• **Data for processing**
☆ ☆ ☆ ☆
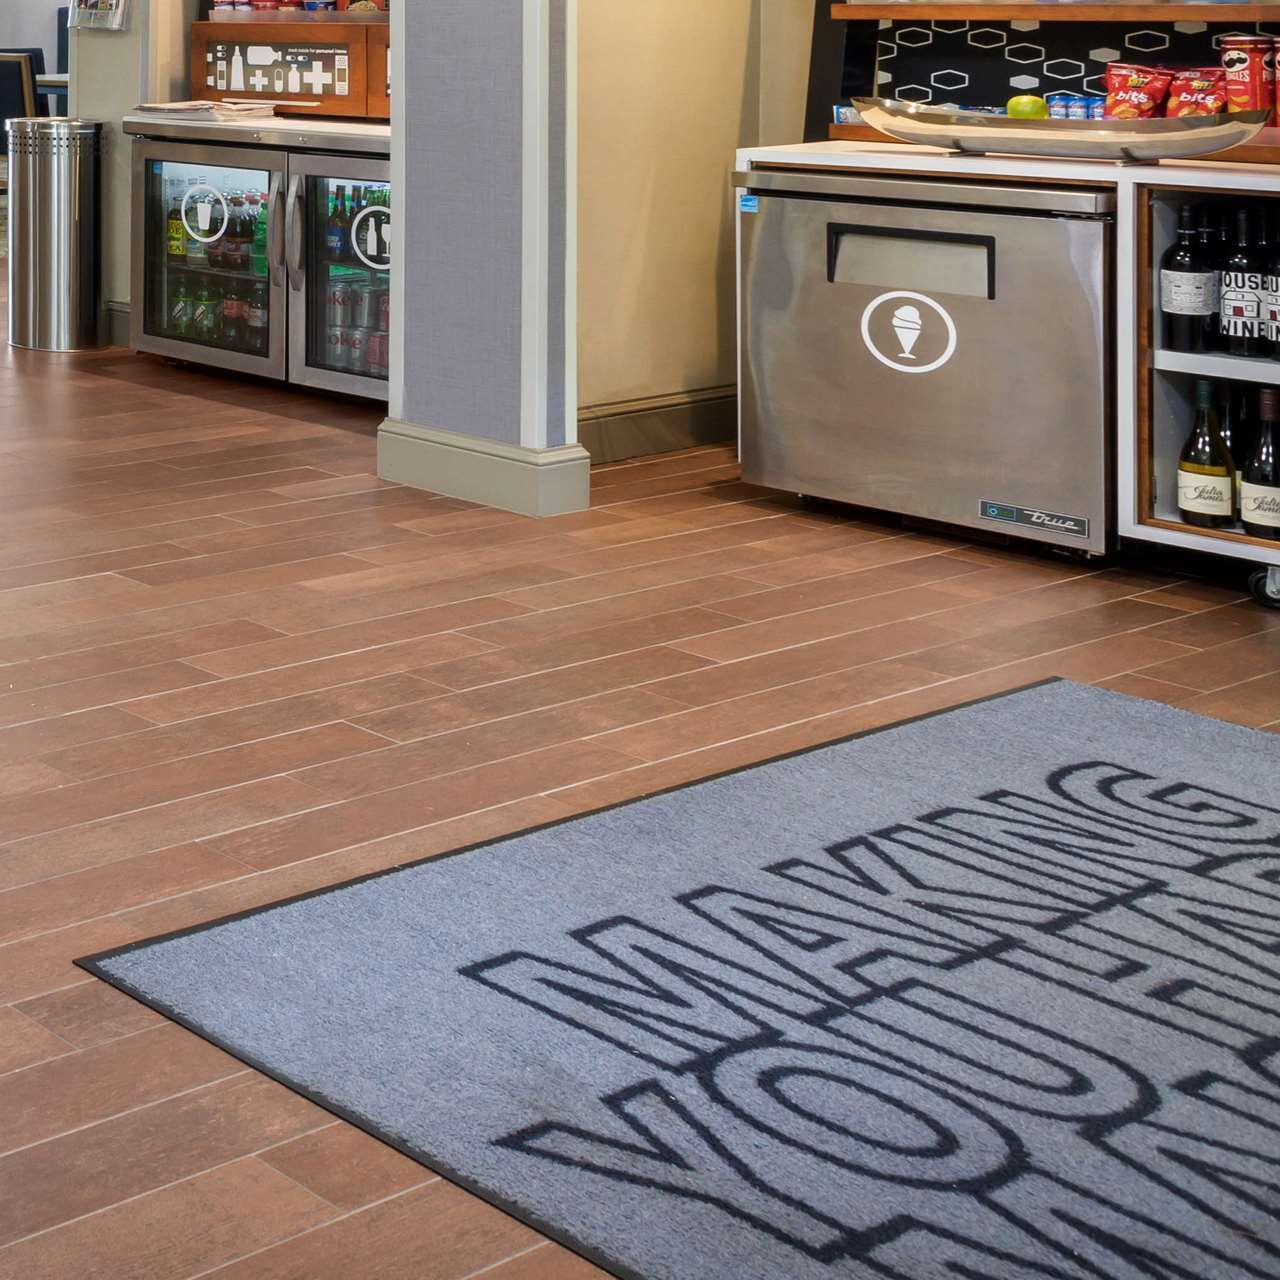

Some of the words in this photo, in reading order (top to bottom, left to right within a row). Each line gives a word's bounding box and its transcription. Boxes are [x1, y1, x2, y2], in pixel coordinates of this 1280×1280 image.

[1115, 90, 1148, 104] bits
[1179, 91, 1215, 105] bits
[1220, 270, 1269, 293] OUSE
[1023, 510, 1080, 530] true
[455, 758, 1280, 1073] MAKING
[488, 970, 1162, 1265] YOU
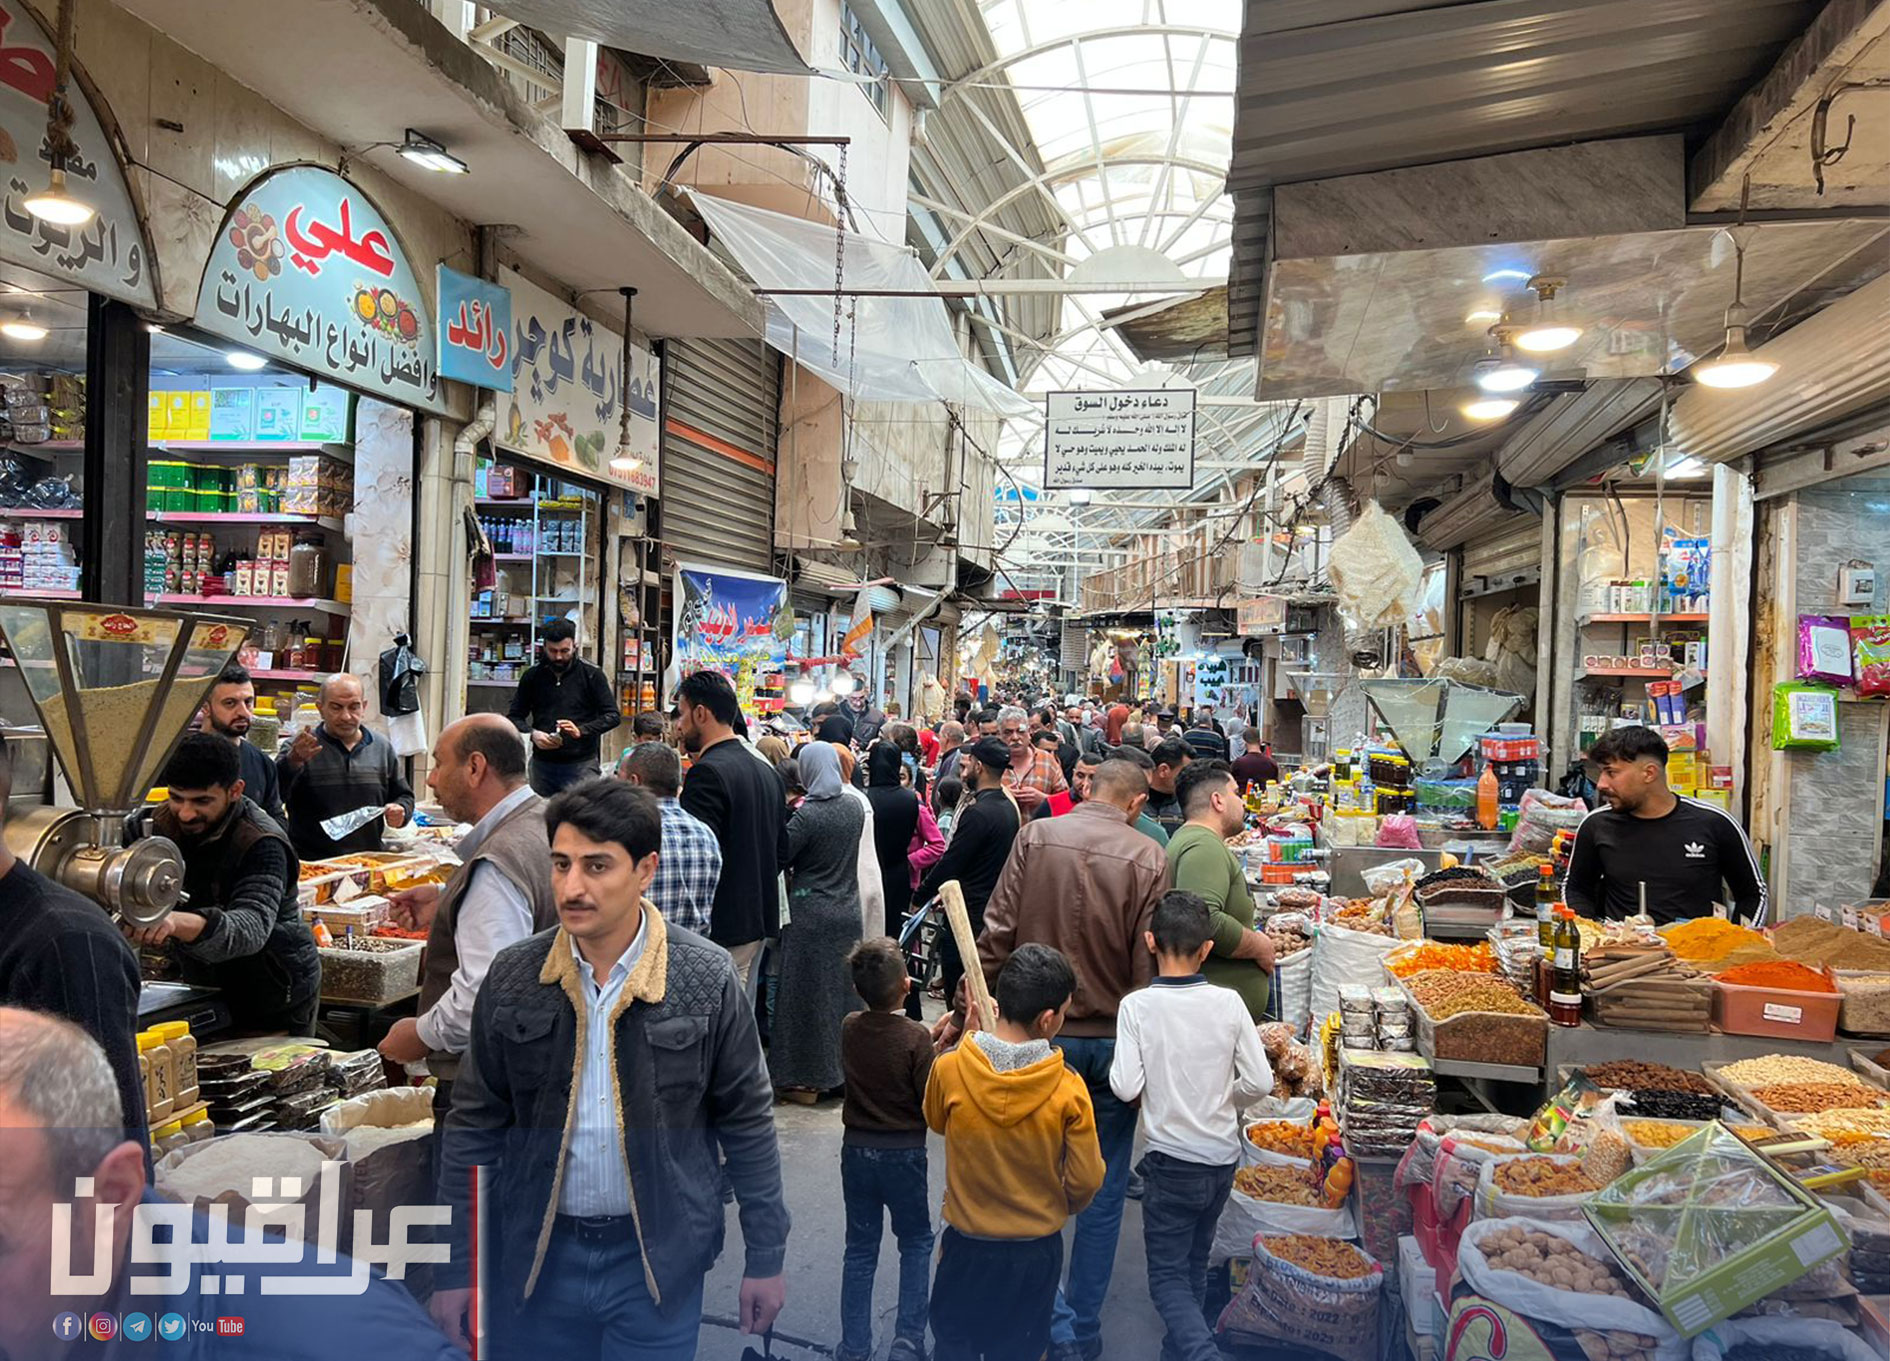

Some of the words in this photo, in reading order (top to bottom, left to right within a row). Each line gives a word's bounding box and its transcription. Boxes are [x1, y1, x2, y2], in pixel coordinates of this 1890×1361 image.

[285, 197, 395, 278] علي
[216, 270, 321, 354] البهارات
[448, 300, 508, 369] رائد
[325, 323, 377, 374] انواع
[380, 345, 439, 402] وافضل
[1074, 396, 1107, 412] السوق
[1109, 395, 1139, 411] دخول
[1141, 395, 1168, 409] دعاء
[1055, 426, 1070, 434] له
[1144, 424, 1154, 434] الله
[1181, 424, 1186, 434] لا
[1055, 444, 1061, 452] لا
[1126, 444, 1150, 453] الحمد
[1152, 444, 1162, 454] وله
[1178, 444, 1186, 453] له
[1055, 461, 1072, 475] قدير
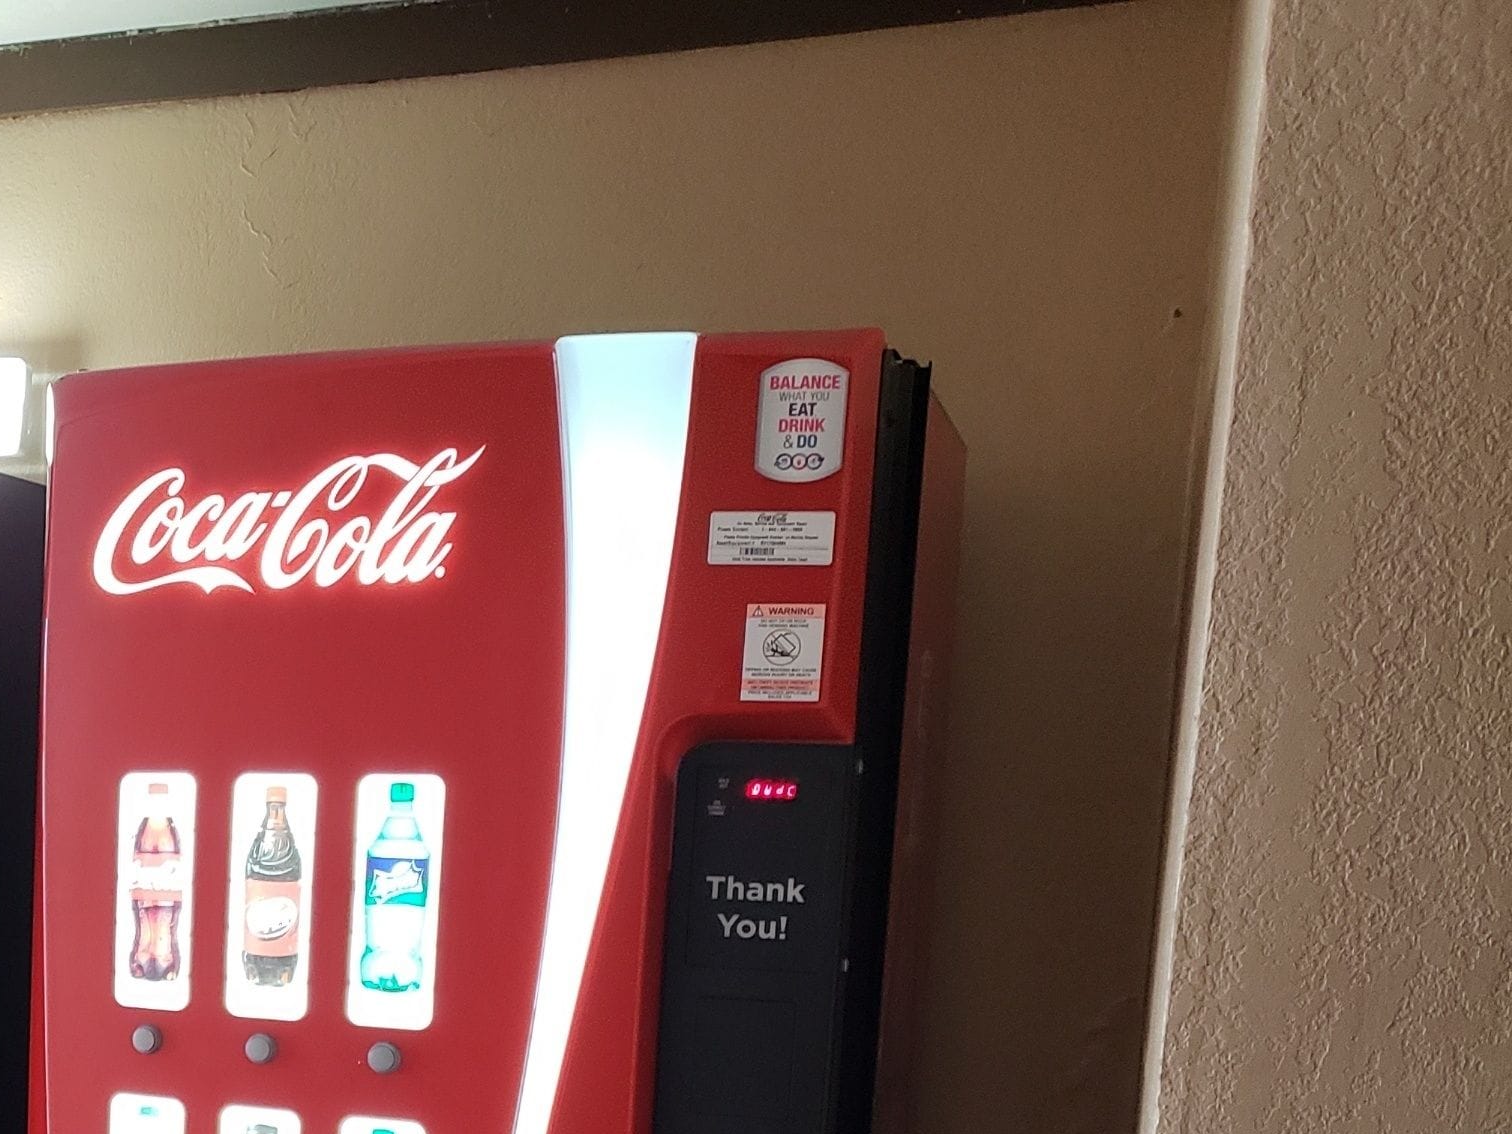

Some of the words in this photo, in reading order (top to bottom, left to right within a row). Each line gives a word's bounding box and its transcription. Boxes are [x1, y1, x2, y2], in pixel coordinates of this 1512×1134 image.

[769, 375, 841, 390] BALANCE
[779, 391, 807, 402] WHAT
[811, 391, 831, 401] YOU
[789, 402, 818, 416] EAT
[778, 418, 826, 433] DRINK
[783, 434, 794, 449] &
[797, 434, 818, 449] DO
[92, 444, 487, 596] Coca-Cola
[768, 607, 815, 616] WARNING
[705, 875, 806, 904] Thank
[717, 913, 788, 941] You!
☆ ☆ ☆ ☆
• **Task prompt**
Lines before the one containing "this 1512×1134 image." are left out. Repeat that line and all lines after it in the records above exactly.

• **Answer to the problem**
Some of the words in this photo, in reading order (top to bottom, left to right within a row). Each line gives a word's bounding box and its transcription. Boxes are [x1, y1, x2, y2], in pixel coordinates of this 1512×1134 image.

[769, 375, 841, 390] BALANCE
[779, 391, 807, 402] WHAT
[811, 391, 831, 401] YOU
[789, 402, 818, 416] EAT
[778, 418, 826, 433] DRINK
[783, 434, 794, 449] &
[797, 434, 818, 449] DO
[92, 444, 487, 596] Coca-Cola
[768, 607, 815, 616] WARNING
[705, 875, 806, 904] Thank
[717, 913, 788, 941] You!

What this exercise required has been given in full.